**** Data provided ****

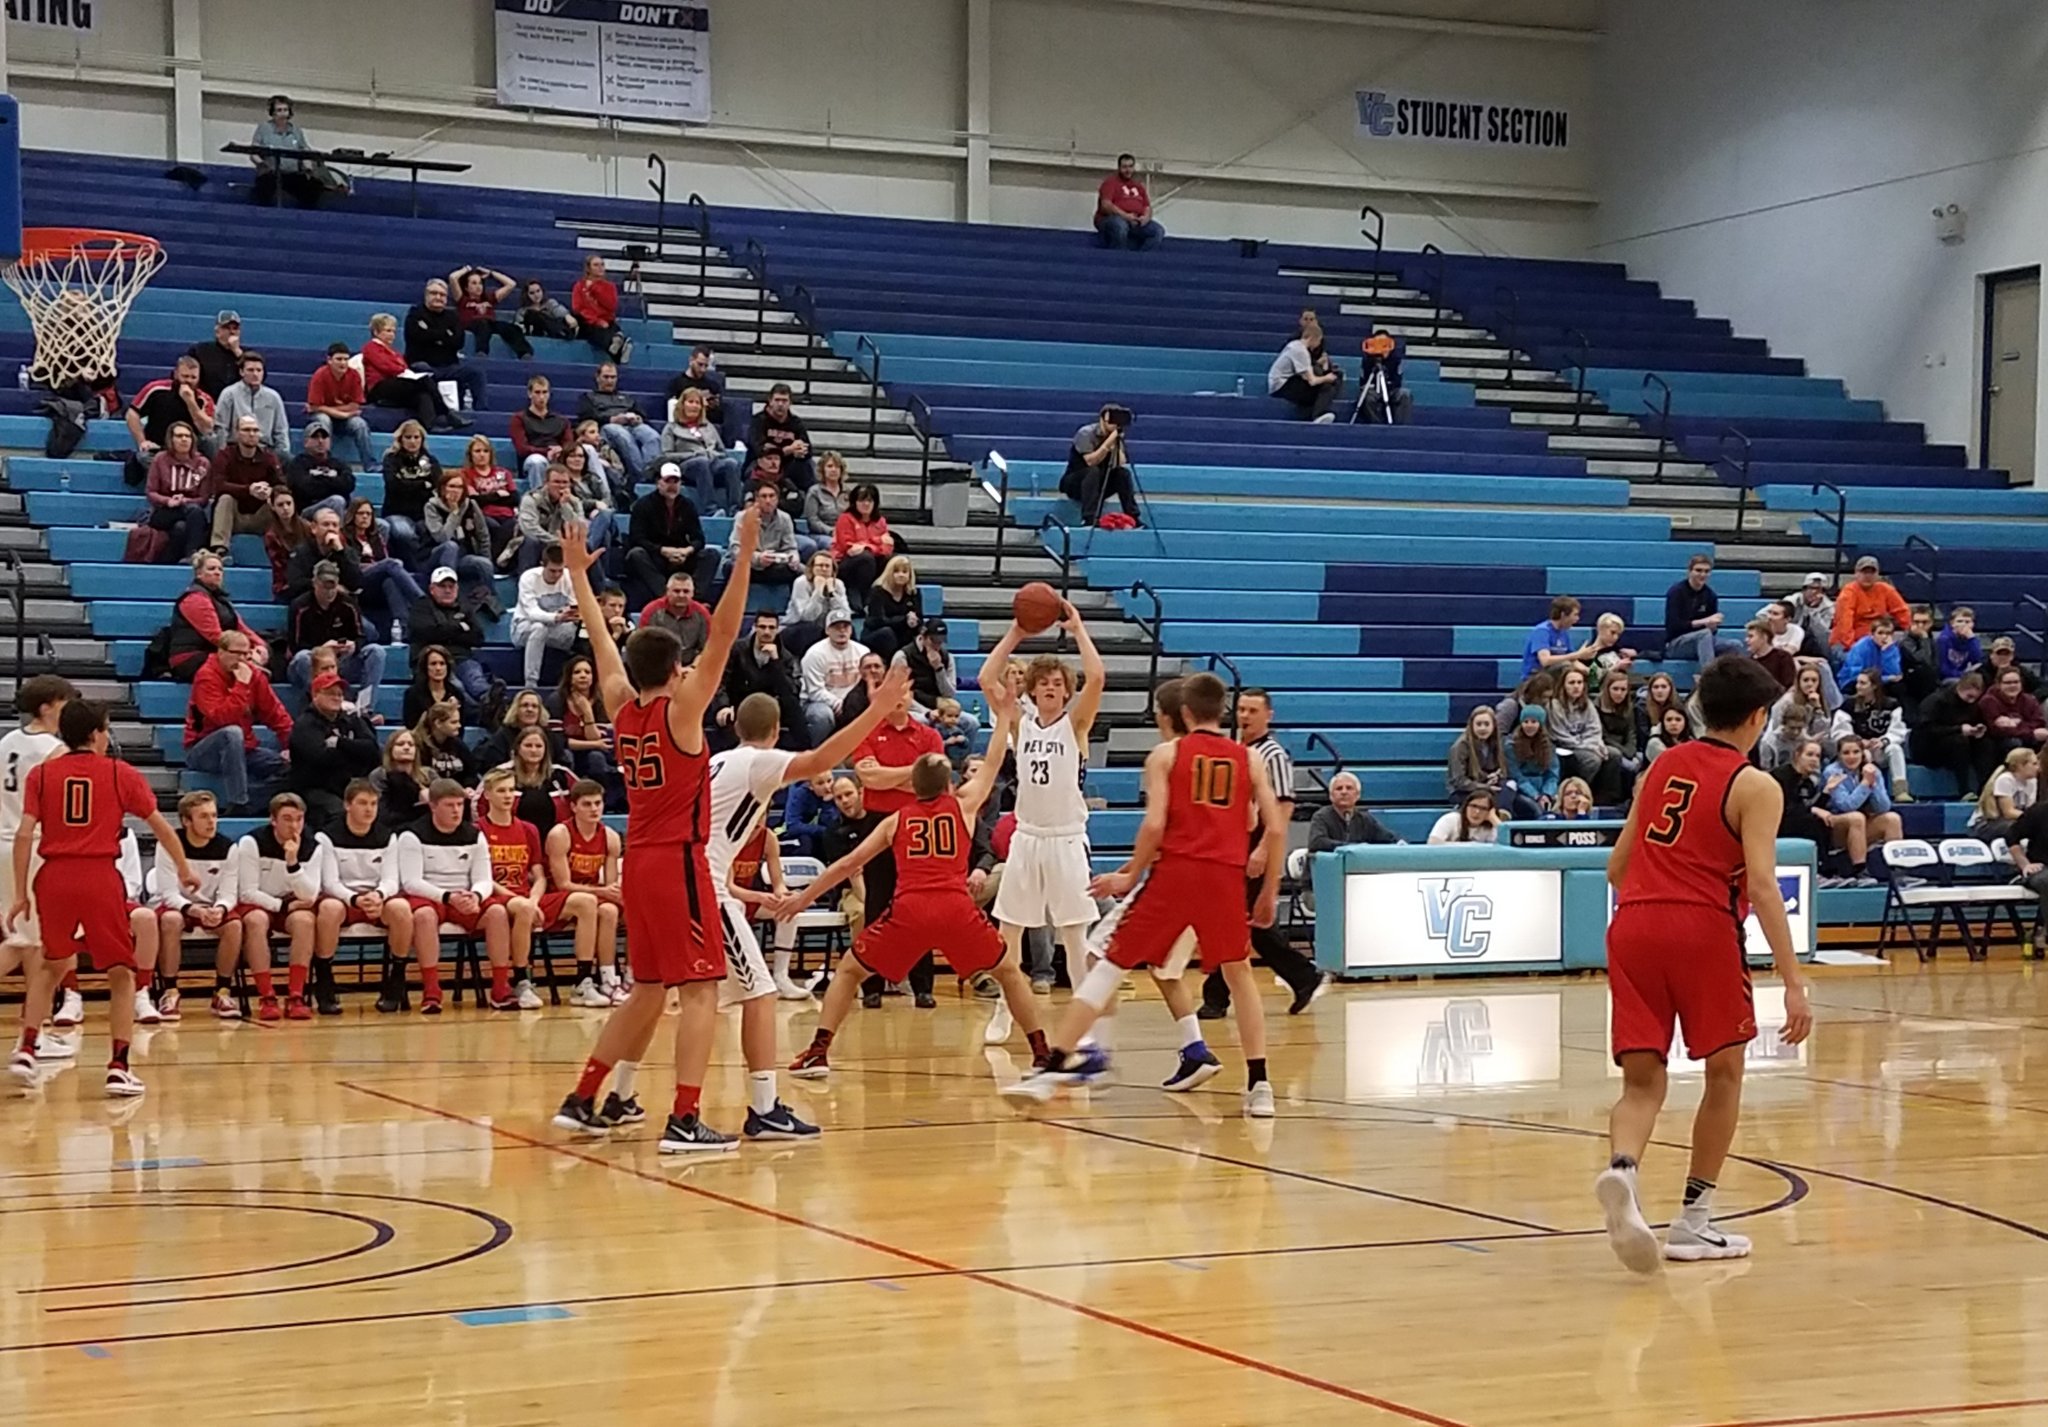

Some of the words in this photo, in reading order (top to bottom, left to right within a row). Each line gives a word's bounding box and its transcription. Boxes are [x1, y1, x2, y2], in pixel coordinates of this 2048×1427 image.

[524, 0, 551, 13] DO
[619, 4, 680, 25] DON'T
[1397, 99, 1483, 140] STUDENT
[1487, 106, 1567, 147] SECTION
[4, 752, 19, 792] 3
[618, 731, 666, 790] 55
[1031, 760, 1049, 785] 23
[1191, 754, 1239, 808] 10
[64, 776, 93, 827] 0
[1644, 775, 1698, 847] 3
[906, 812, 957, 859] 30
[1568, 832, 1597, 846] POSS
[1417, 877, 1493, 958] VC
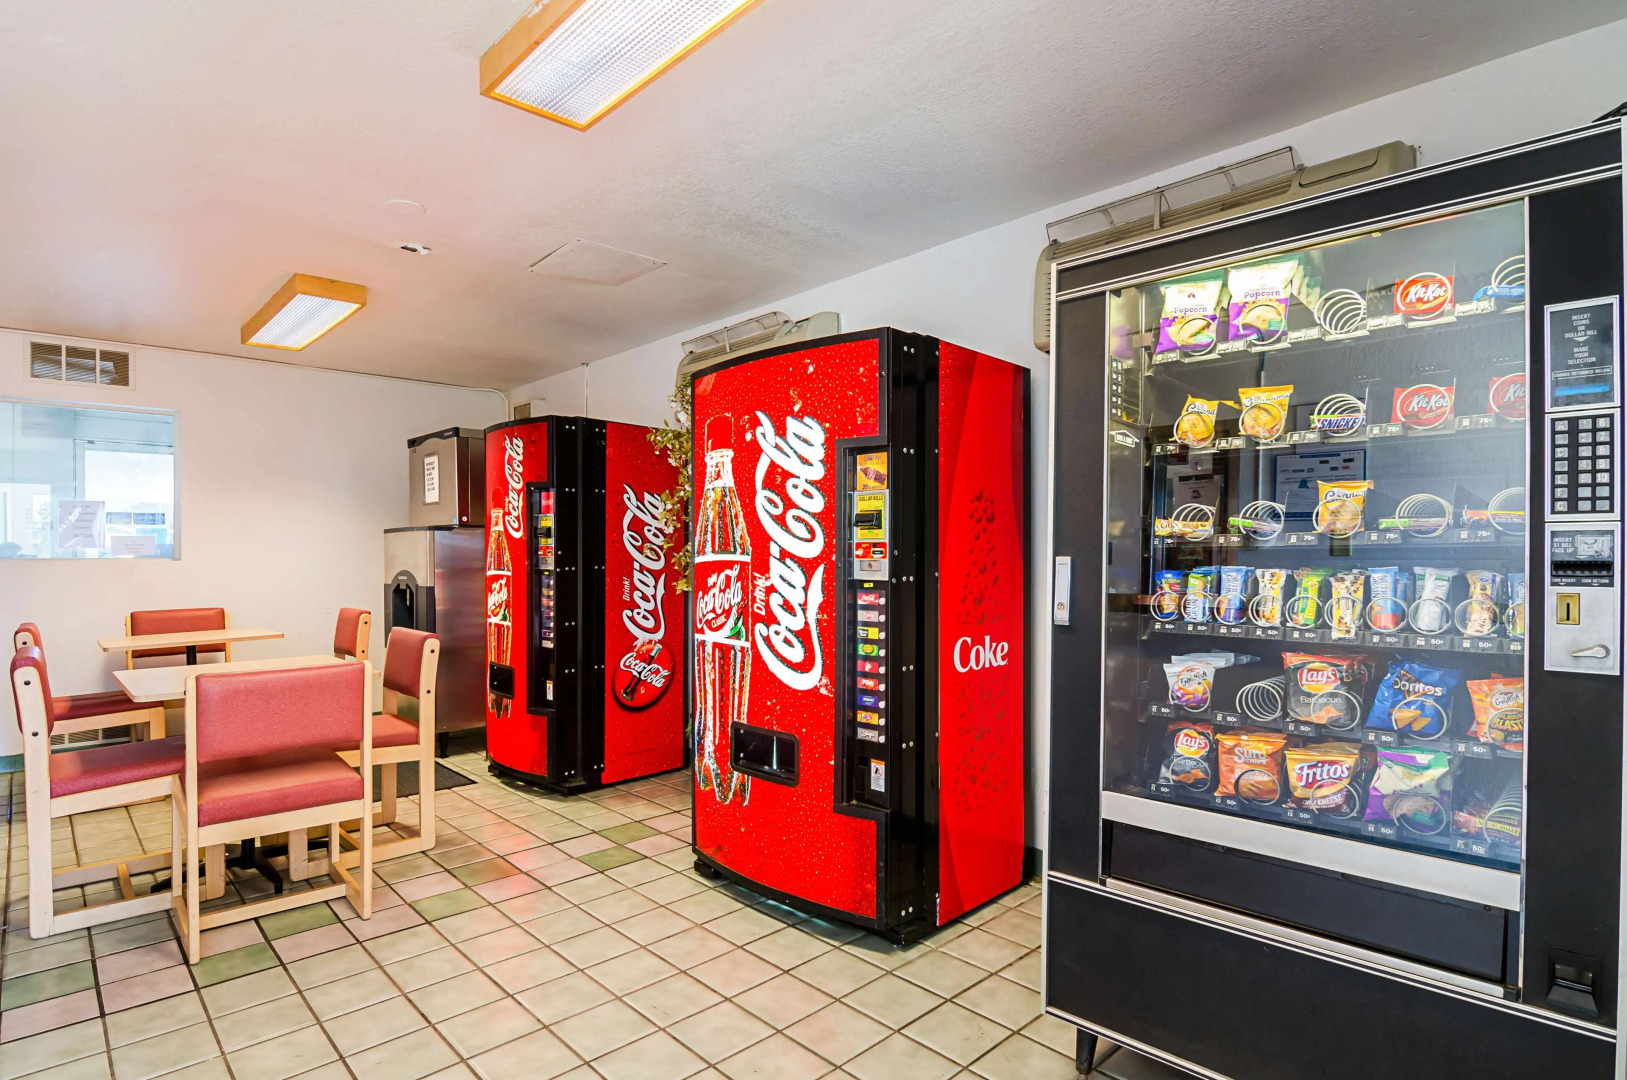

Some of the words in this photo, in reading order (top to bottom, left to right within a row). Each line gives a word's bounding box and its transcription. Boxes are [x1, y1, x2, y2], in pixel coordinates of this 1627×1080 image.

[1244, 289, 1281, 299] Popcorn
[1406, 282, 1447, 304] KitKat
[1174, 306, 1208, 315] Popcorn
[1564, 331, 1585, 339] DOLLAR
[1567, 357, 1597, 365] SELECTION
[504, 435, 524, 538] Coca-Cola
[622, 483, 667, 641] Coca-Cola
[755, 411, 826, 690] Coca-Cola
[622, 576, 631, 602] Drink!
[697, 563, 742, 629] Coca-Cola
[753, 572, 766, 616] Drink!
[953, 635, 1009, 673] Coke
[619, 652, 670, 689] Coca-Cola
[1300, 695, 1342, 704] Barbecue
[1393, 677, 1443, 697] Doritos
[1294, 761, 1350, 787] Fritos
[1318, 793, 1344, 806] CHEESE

****

Instructions for the task: Each line from the one holding "this 1627×1080 image." to the end of the data above goes into the answer exactly as written, and no other line does.

Response to the task:
Some of the words in this photo, in reading order (top to bottom, left to right within a row). Each line gives a word's bounding box and its transcription. Boxes are [x1, y1, x2, y2], in pixel coordinates of this 1627×1080 image.

[1244, 289, 1281, 299] Popcorn
[1406, 282, 1447, 304] KitKat
[1174, 306, 1208, 315] Popcorn
[1564, 331, 1585, 339] DOLLAR
[1567, 357, 1597, 365] SELECTION
[504, 435, 524, 538] Coca-Cola
[622, 483, 667, 641] Coca-Cola
[755, 411, 826, 690] Coca-Cola
[622, 576, 631, 602] Drink!
[697, 563, 742, 629] Coca-Cola
[753, 572, 766, 616] Drink!
[953, 635, 1009, 673] Coke
[619, 652, 670, 689] Coca-Cola
[1300, 695, 1342, 704] Barbecue
[1393, 677, 1443, 697] Doritos
[1294, 761, 1350, 787] Fritos
[1318, 793, 1344, 806] CHEESE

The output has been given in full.